Here, There and Everywhere is a Beatles’ composition with a particularly original melody line which has ensured its continuing popularity. Its sung here, with her customary lyricism and charm, by Anita Harris.
My Old Man’s a Dustman is hardly charming, though it has something! The key to its success, and the reason for its periodical revival as a radio request lies in the irrepressible style and sense of fun of Lonnie Donegan. Once a banjo-player in Chris Barber’s Jazz Band, Lonnie wasthe central figure in the great Skittle boom of the 1950s.
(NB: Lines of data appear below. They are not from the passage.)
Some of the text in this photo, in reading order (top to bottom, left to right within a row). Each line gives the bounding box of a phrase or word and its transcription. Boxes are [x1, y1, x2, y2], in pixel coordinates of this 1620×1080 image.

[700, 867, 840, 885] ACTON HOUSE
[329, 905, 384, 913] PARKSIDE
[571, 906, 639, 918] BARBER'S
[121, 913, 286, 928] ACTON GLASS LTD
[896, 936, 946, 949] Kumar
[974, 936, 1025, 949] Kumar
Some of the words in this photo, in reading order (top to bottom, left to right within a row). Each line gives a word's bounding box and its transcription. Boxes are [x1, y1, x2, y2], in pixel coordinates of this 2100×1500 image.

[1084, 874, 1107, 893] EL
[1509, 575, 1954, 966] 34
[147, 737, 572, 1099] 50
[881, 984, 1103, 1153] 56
Since then he has usually been associated with comedy songs and his appearance is guaranteed to liven up any show.
I Remember You was a mammoth hit Number One in the charts for a record period and established Frank Ifield as Britain’s favourite Aussie. Hear again his rich voice and distinctive yodel, in a song he sang on television many times in 1963 and 64.
Mame, the title song of Jerry Herman’s great show, is a number no one can resist whether it’s played or sung! It has provided instrumental hits for the likes of Louis Armstrong and Herb Alpert in the past. It is the sort of number you just can’t ‘follow’ the perfect finale to our Television Variety Special.